### INPUT MATERIAL

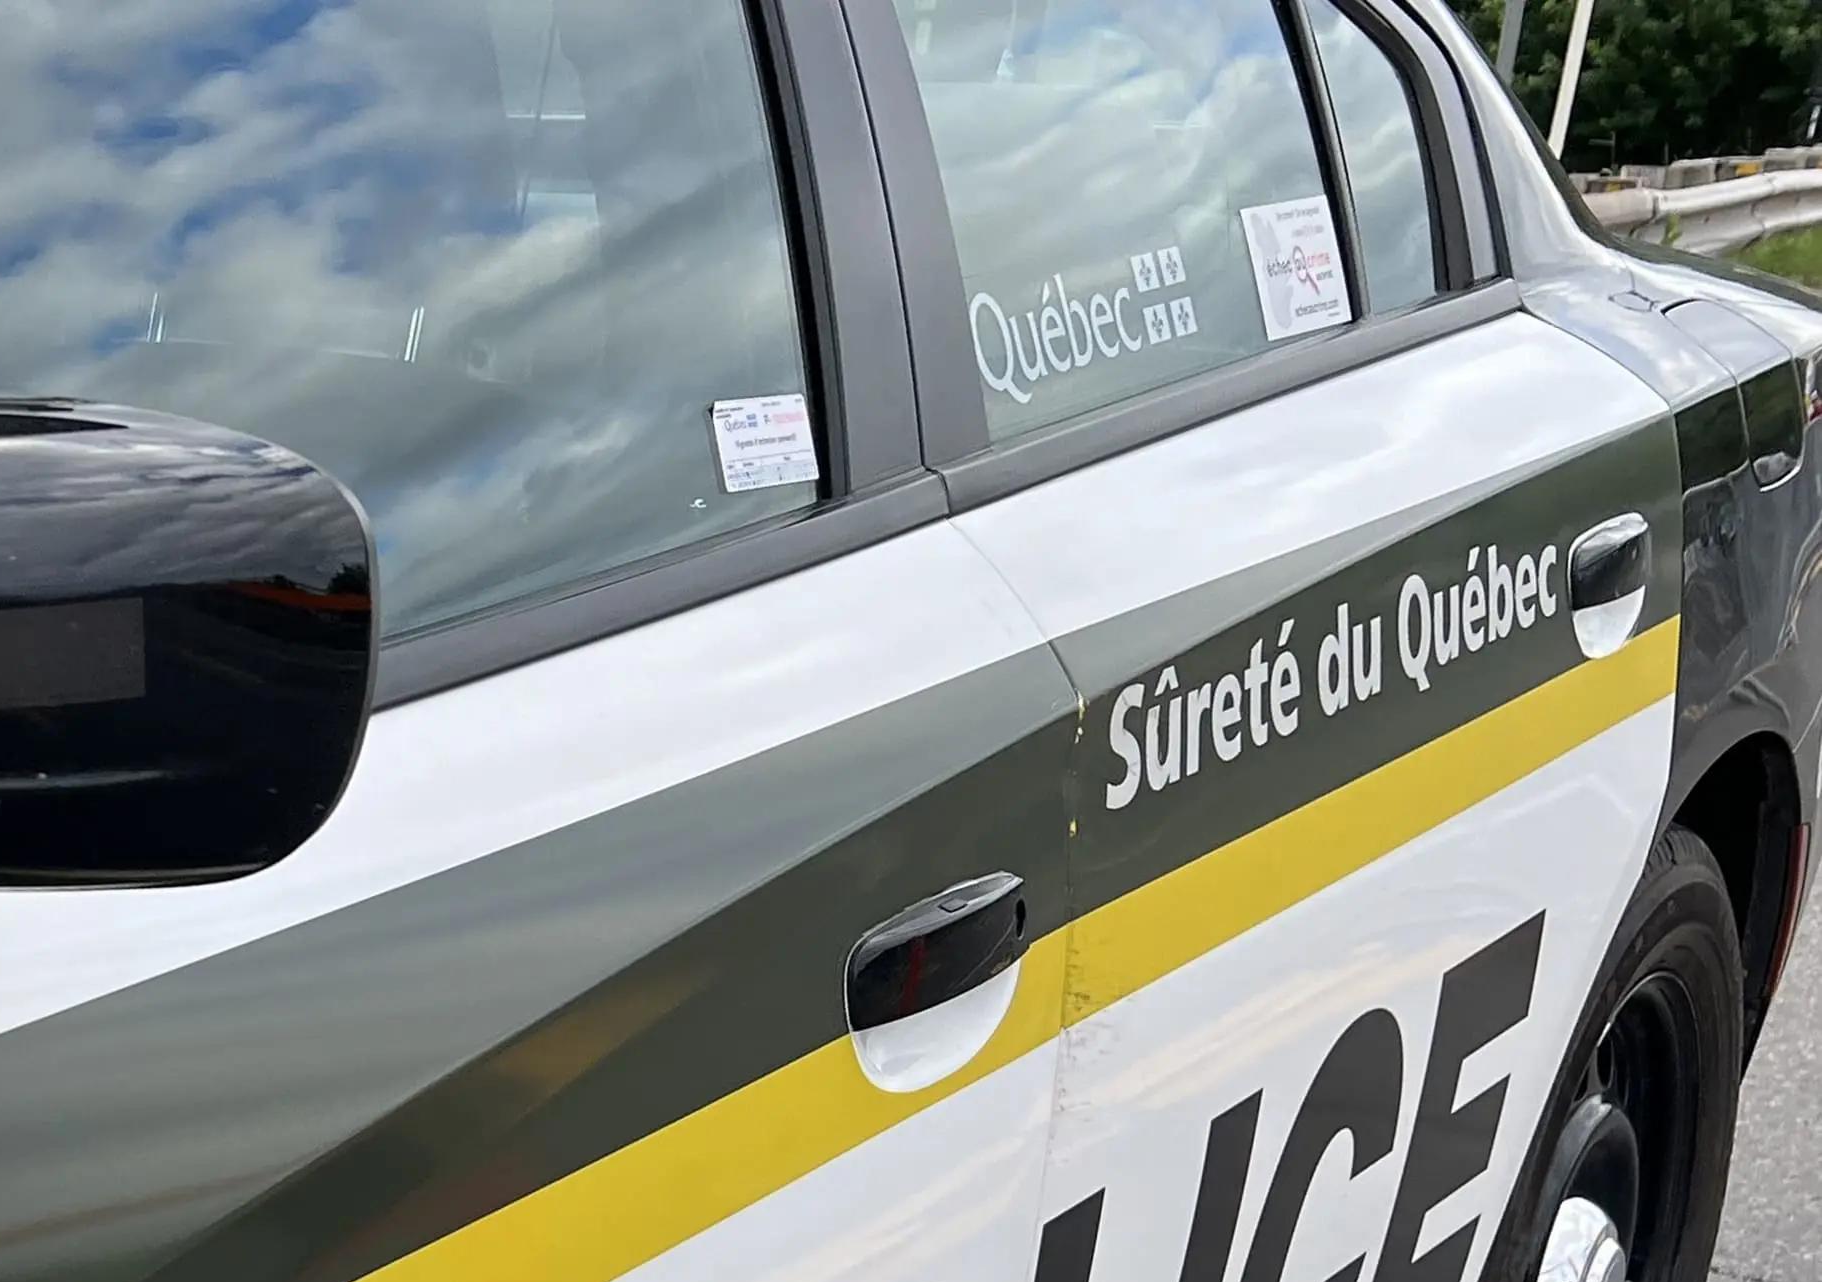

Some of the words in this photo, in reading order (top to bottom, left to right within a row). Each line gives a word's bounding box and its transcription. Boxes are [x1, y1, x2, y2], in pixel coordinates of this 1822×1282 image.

[968, 272, 1144, 405] Québec
[1105, 617, 1301, 811] Sûreté
[1317, 602, 1382, 717] du
[1397, 544, 1558, 693] Québec
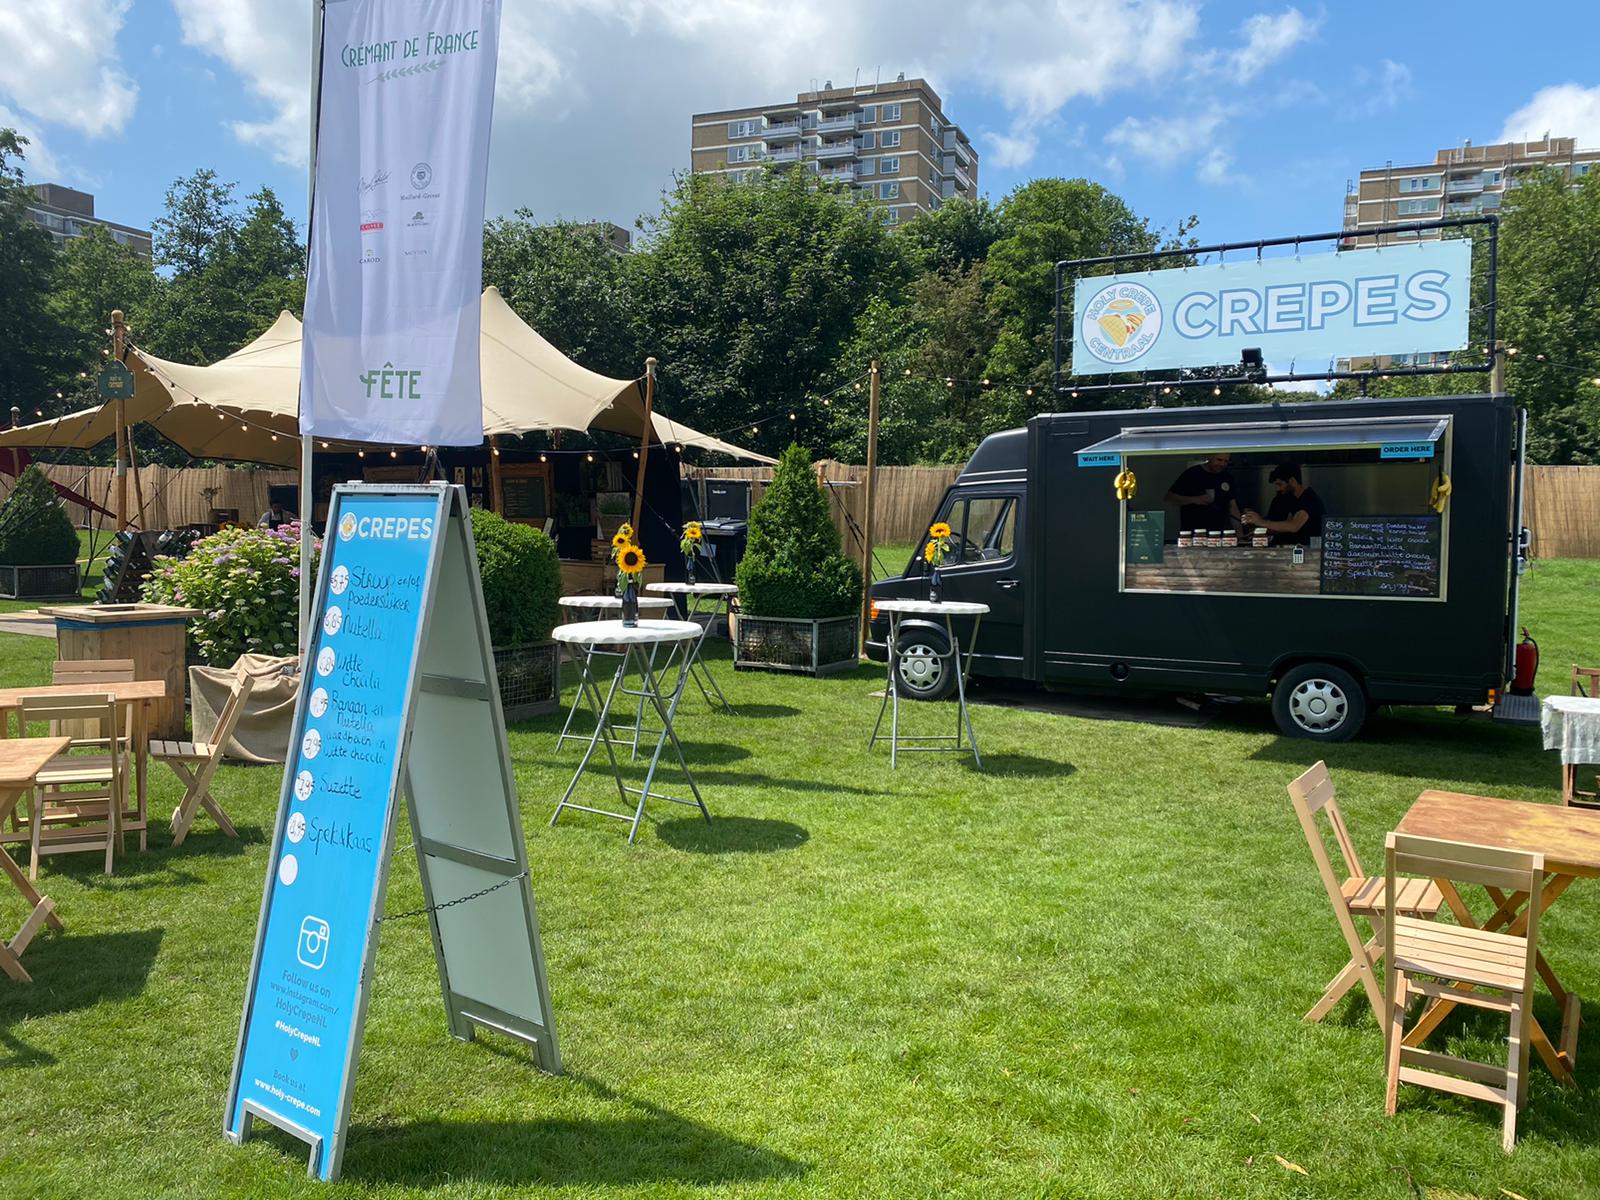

### WHAT YOU HAVE TO DO
Pictures aren't part of the copy; return each record above exactly.

### SOLVED PROBLEM
Some of the words in this photo, in reading order (top to bottom, left to right within a row). Each line gives a word's bounding box and its transcription. Boxes are [x1, y1, x2, y2], in pixel coordinates of this 1822×1282 image.

[968, 272, 1144, 405] Québec
[1105, 617, 1301, 811] Sûreté
[1317, 602, 1382, 717] du
[1397, 544, 1558, 693] Québec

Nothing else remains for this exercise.